Over the past week, many geek bloggers have been sharing their thoughts on what makes a successful space opera, and I do feel the obligation to chime in -- especially since, as I mentioned in my apology post on Wednesday, I am a total space opera girl. Whether it comes to us on film or in print, I just eat that stuff up.

Definitions are murky when it comes to literary genres, but when I think of space opera, I think of several key features:
  • Interstellar travel via faster-than-light drives or wormholes.
  • Far-future technology that is semi-magical (but will sometimes be explained by minimally-plausible handwavium).
  • Multiple space-faring civilizations with divergent worldviews that interact with each other through trade, diplomacy, and military conflict. 
  • An arc of galactic history - either explicit or implied - that covers centuries -- if not eons.
So what, exactly, appeals to me in this genre? When I pick up a space opera, what are some of the things I look for?

Well, first of all, I'm going to echo others and say that a successful space opera absolutely needs to have that sensawunda. The galaxy in a space opera should be chock-a-block with mysterious ruins, fearsome "old ones," and natural dangers that will lead our protagonists down surprising roads of discovery and exploration. Or, to put it another way, a space opera should inspire humility. As a reader, I want to walk away feeling like I don't know everything -- like there are things in the universe undreamt of in my philosophy that I should approach with circumspection and even awe.

Secondly, I like high stakes. I want the characters in a space opera to fight for things that really matter. Existential "fate of the quadrant/galaxy" threats work very well for this criterion (and happen to be awesome) -- but freedom, love, and truth are also excellent motivators. Whatever you choose for the lodestone, it has to be something that will force the principals to become better people in its pursuit.

Third, I like characters with agency. They should be animated by the belief that their actions can make a difference in the universe -- even in the face of the wondrous, the frightening, and the seemingly unknowable. They should want to make things better and should seek to understand whatever they encounter. They don't always have to succeed, mind you; tragedy does have its place here -- but nihilism and passivity don't.

And there are some smaller things I like as well. For example, I have to admit that I enjoy political intrigue and/or philosophical rumination. This does not mean I appreciate a space opera's getting bogged down in today's fad-of-the-moment.

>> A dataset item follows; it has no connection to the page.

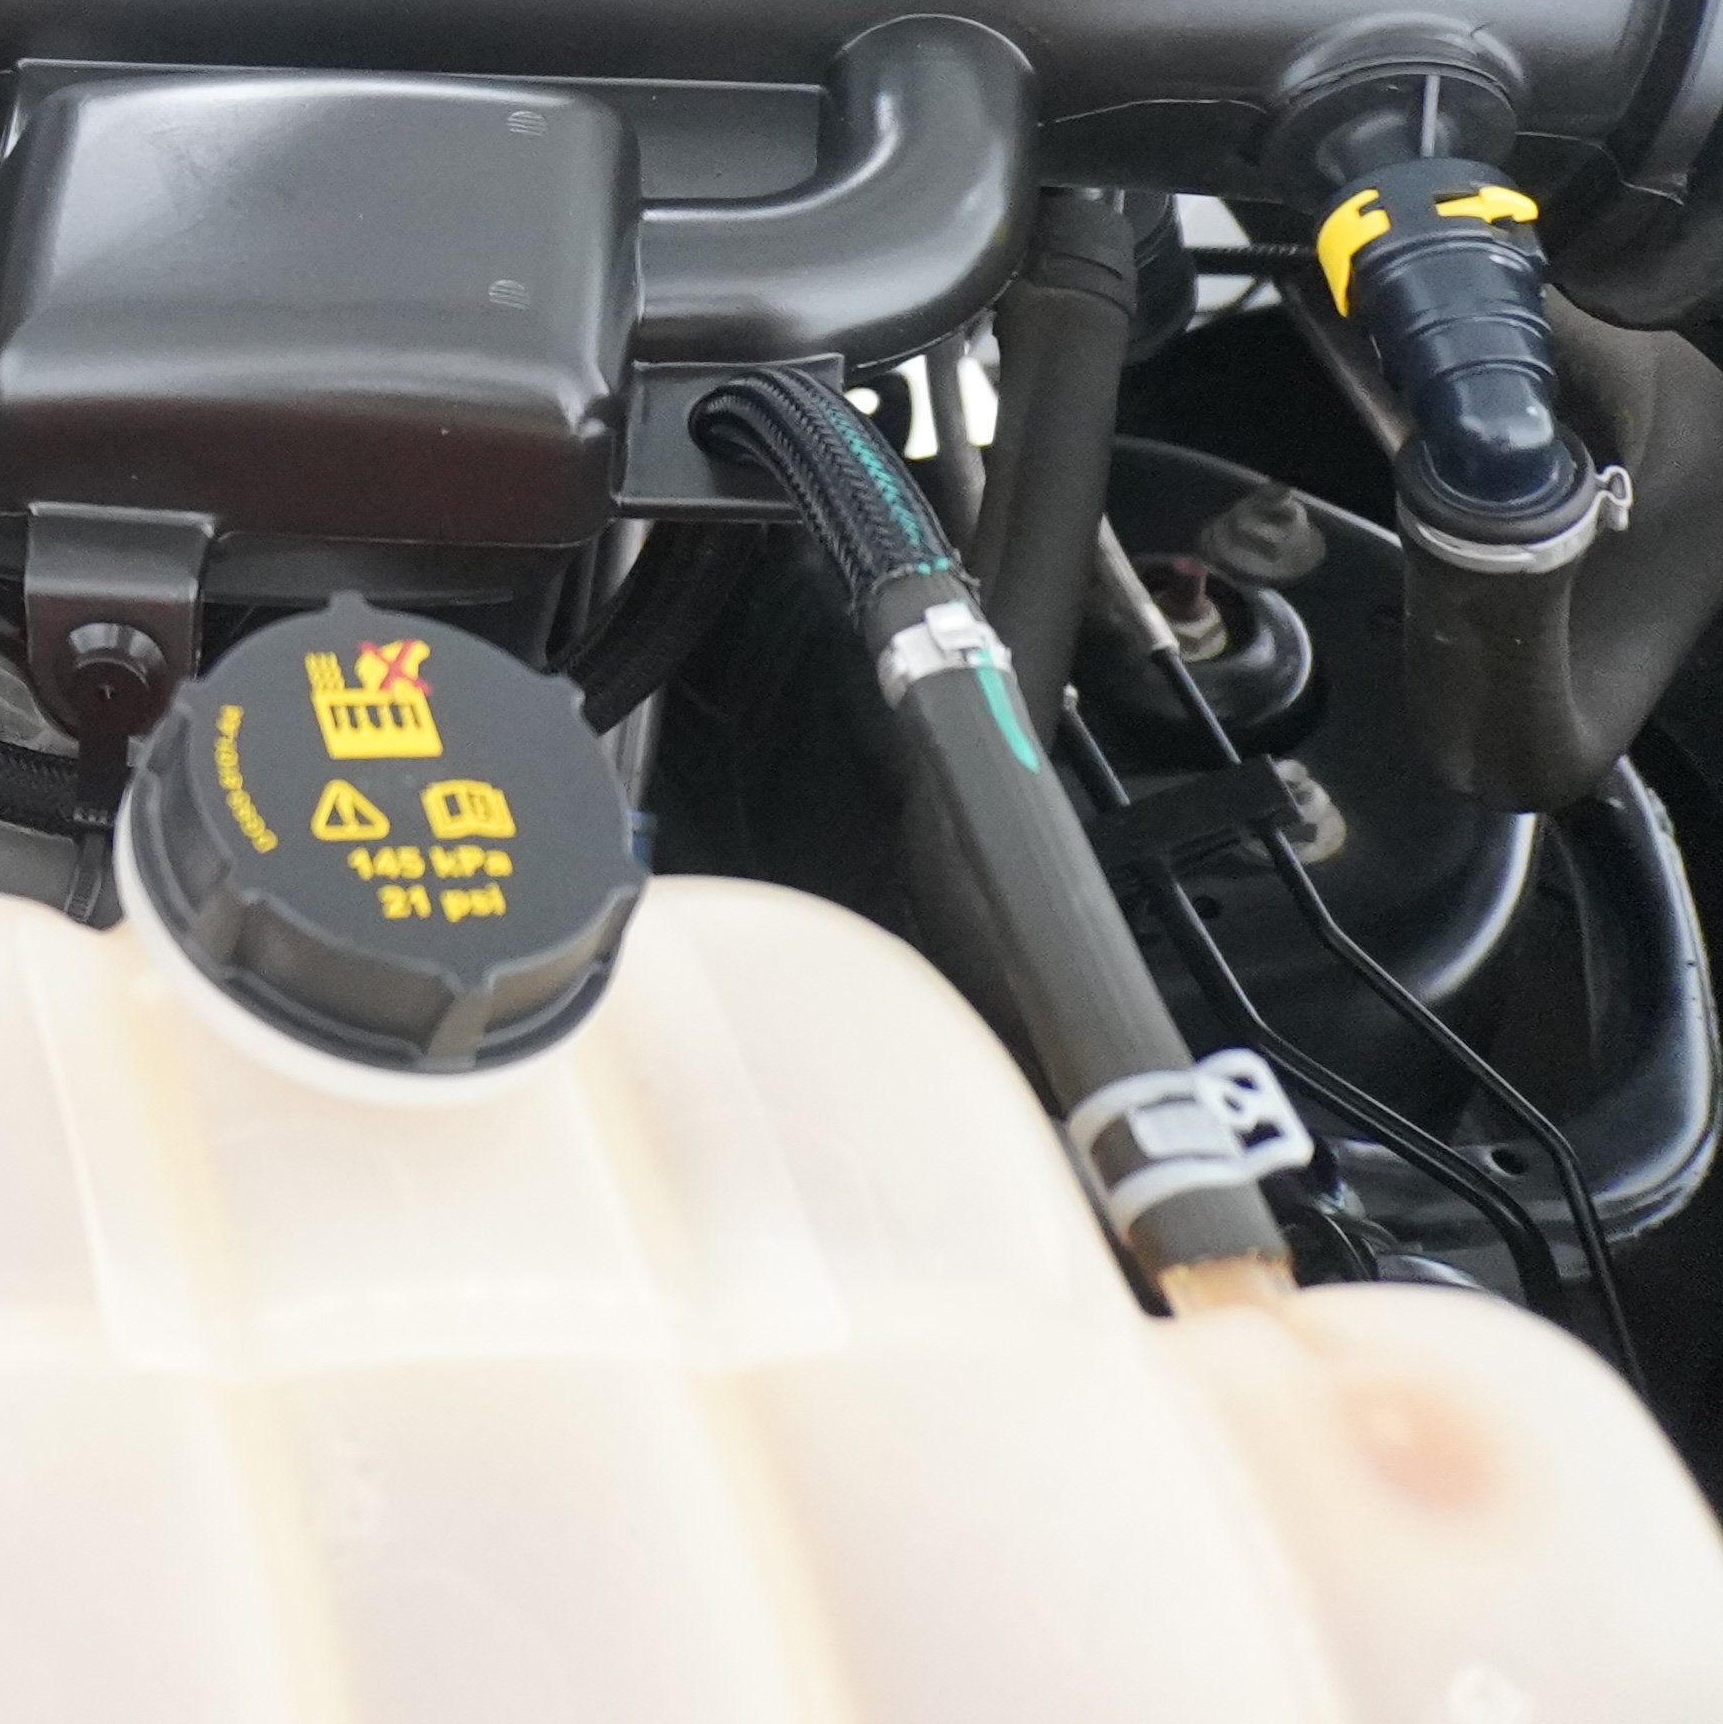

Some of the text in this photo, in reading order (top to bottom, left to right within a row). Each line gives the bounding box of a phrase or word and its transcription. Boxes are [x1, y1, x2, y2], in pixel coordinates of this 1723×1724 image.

[348, 844, 513, 880] 145 kPa
[378, 881, 507, 923] 21 psi

It does, however, mean that a space opera shouldn't avoid the big questions; after all, where are the aforementioned high stakes if we aren't exploring the purpose of existence, say, or the nature of good and evil? Indeed, space opera provides a fantastic context in which to meditate on these issues at a far remove from our present-day concerns.

Also, while I don't think aliens are a necessity, I do gravitate to them quite a bit -- especially when it is clear that an author has thought them through and consequently has struck the perfect balance between stretching the reader's imagination and preserving readability.  

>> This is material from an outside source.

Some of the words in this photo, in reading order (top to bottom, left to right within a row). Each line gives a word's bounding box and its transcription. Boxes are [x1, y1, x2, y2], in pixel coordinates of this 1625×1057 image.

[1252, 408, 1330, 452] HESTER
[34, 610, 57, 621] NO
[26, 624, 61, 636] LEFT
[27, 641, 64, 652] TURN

Do I think realism is dumb when it comes to space opera? Well, it depends on what you mean by "realism." If by "realism" you mean a close resemblance to our own mundane lives, then yes, "realism" is dumb as hell. But I think internal sensibility and psychological verisimilitude are a must. For a space opera to work, we must be able to comprehend its rules and, even more importantly, relate to the choices made by the characters. Ultimately, the story a space opera tells should, like the myths of old, map onto the habits and yearnings of the human mind; this is genuine realism, and it leaves plenty of room for Barsoom and all the rest. 


  1. My only nit is that some older "space opera" happened inside the solar system.

    IE it was a "wild-and-wooly" place away from Earth herself.

    Of course, those early solar system stories had "better than today's rockets" and other solar system planets that don't exist according to today's science.

  2. Yeah, my favorite Skylark is not a Buick.